El 2020 nos robó mucho. Entre todo lo que perdimos se halla la experiencia viva de la cultura: museos, recitales, teatro, cine, conciertos, toda la gama de lo sentimental y estético. En el shock del futuro que nos alcanzó hubo poco tiempo y capacidad de reacción para compensar todo el mercado cultural que habríamos de echar en falta. Desde siempre hemos sabido que “el cine se ve mejor en el cine” y que “la música en vivo siempre suena mejor”, pero la epidemia nos enseñó que el sabor de la cultura es algo más, es la experiencia compartida.

En el repentino cambio en la cotidianidad, algunos gestores independientes aprendieron rápidamente a ofrecer alternativas: el séptimo arte amplió su servicio de reproducción en línea; las promotoras de conciertos perfeccionaron su oferta a distancia; incluso el teatro pudo ponerse al corriente y ofrecer algunas funciones “a la carta”. Todas estas iniciativas en algo ayudaron a paliar nuestra orfandad cultural.

Sin embargo, la contingencia evidenció las taras y el atraso de las instituciones culturales oficiales. Entre otras, las pinacotecas, hemerotecas y bibliotecas se quedaron rezagadas. El resultado ha sido que toda la actividad cultural del Estado —que es la más significativa— lleva prácticamente un año cancelada. La combinación letal de los recortes presupuestales, el anquilosamiento de sus burocracias, los obstáculos sindicales y el virus se unieron para hacer evidente que la cultura en México no se ha puesto al día y sólo sirve en esquemas habituales de consumo. Así, el 2020 ha sido un verdadero desastre para todo el sector, sin que al gobierno en turno parezca importarle. Es curioso que dentro del magno “proyecto Chapultepec” se contemple la apertura de más museos, cuando los que hoy existen permanecen en el abandono y no son capaces de ofrecer nuevas opciones.

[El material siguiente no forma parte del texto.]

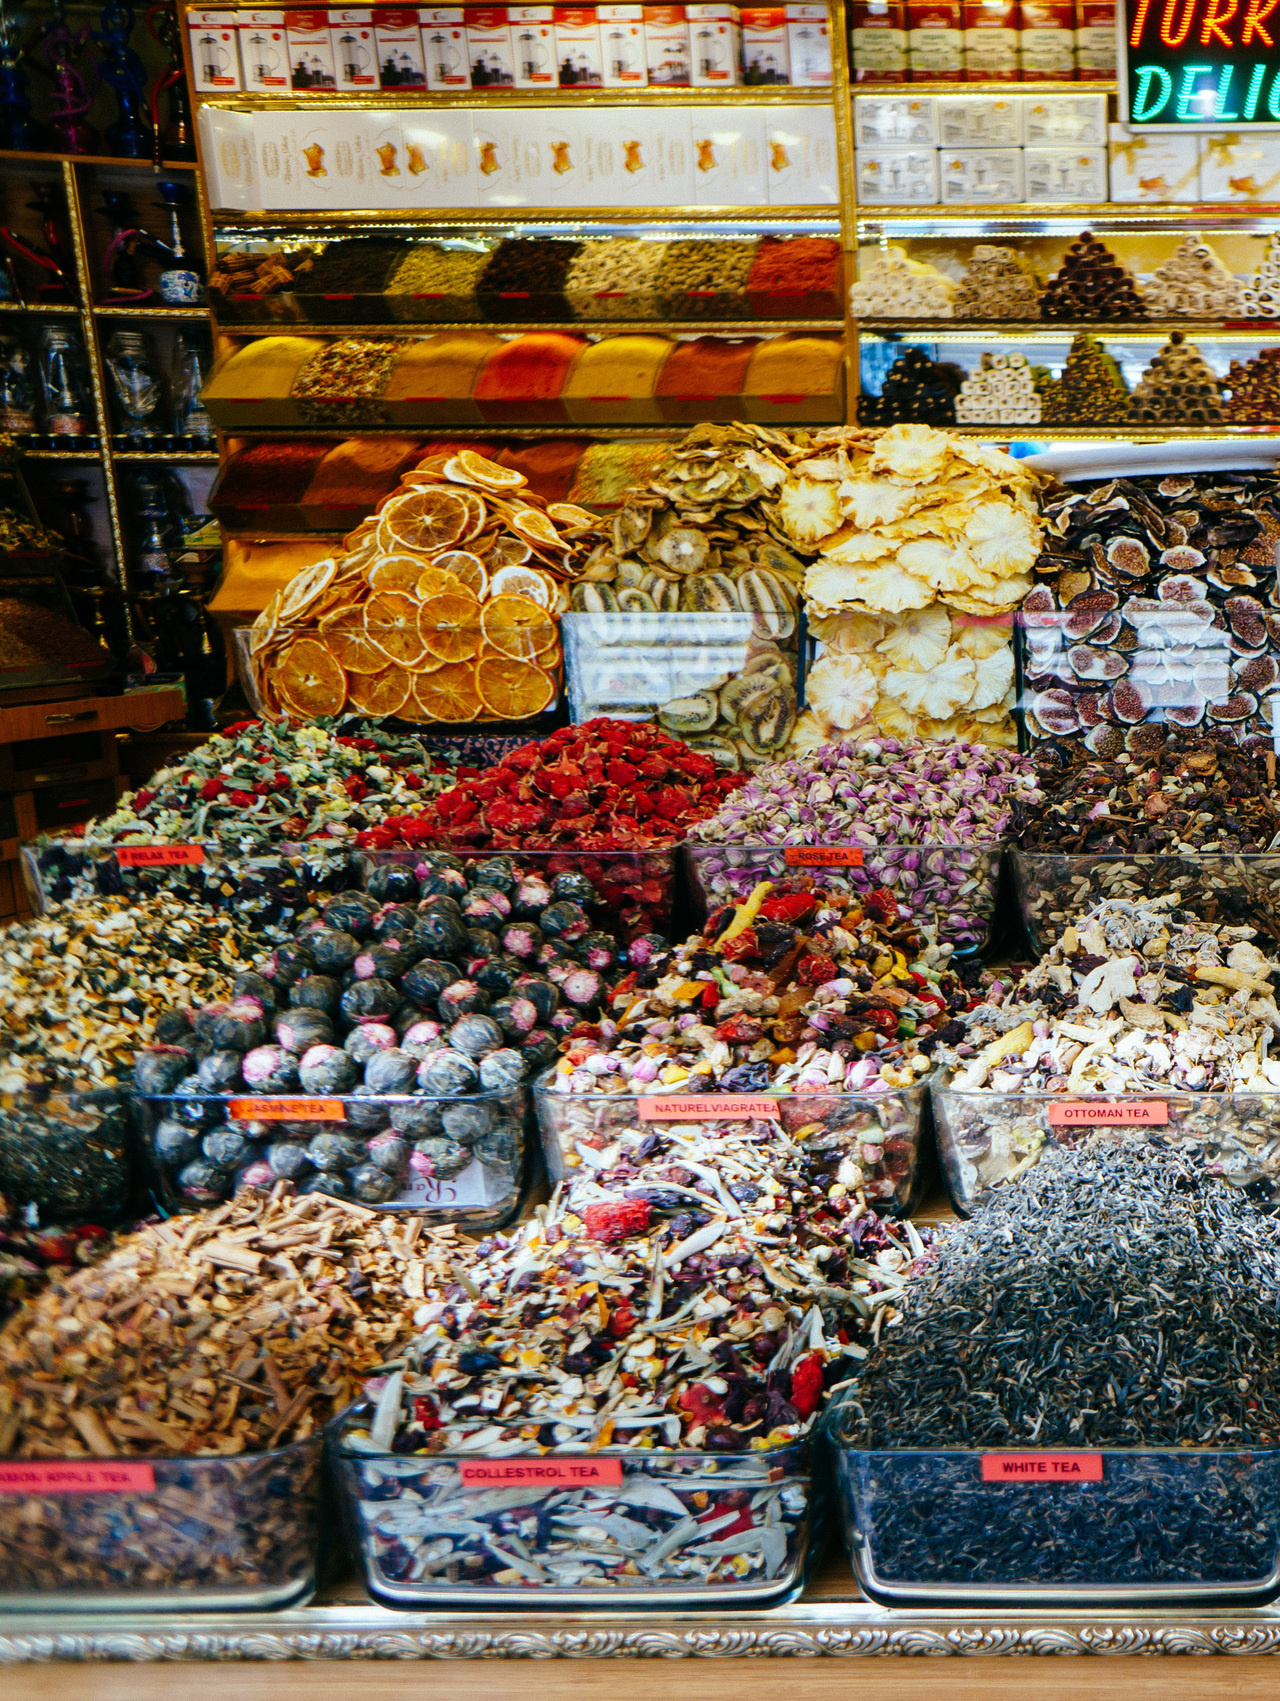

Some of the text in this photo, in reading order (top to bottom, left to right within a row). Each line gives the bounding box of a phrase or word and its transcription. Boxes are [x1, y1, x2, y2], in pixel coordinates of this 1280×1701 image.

[130, 849, 189, 861] RELAX TEA
[798, 852, 849, 861] ROSE TEA
[300, 1103, 327, 1114] TEA
[1064, 1108, 1150, 1118] OTTOMAN TEA
[464, 1466, 600, 1479] COLLESTROL TEA
[1003, 1462, 1081, 1473] WHITE TEA
[99, 1470, 132, 1482] TEA

Entre las entidades que le han quedado a deber mucho no sólo a su público, sino a quienes dependen de ellas para generar su trabajo, destaca la UNAM, que tiene a su cargo muy relevantes archivos que han permanecido clausurados sin ningún tipo de acceso. Una tragedia y un escándalo. Información que no ha sido digitalizada y que, contrario a lo que sucede en organismos comparables alrededor del mundo, simplemente no están en Internet. Así, gran parte de los materiales de la Biblioteca Nacional de México han quedado enclaustrados. Si en tiempos normales Enrique Serna ya había dado cuenta de la pesadilla burocrática que es la encargada de regentear el acervo cultural de la UNAM, no sorprende que en tiempos de emergencia la institución haya cerrado sus puertas “hasta nuevo aviso”.

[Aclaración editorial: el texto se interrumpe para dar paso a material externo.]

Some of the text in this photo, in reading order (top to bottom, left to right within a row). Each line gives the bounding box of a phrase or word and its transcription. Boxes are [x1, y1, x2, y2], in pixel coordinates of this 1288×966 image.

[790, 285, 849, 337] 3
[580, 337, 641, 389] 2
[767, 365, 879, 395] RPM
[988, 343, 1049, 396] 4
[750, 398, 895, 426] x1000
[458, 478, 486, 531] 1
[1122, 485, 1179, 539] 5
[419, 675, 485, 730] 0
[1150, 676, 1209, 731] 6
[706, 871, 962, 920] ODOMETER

Hace poco, Jorge Volpi profetizó “que la otra parte de nuestra salvación depende de la cultura”, aunque reconoció que “arrinconar a la cultura, como se ha hecho hasta ahora, es otro crimen”. Es acertado el diagnóstico del coordinador de Difusión Cultural de la máxima casa de estudios, aunque se extraña un poco de autocrítica en la comisión por omisión de ese atentado.

Cuando algunos intelectuales exigen que el legado de Octavio Paz debe tener por destino final la UNAM o algún otro ente oficial, quizá por ingenuidad, están condenando al poeta al olvido. Si en tiempos ordinarios acervos como los de Efraín Huerta, Rafael Heliodoro Valle o Alfonso Caso estaban sujetos a las veleidades típicas de nuestra Universidad, hoy, tristemente, forman parte del enorme archivo muerto de los llamados “fondos reservados”. Bien decía Elena Garro que “la culpa es de los tlaxcaltecas”, por eso ella vendió oportunamente sus papeles a Princeton, donde permanecen bien clasificados y consultables.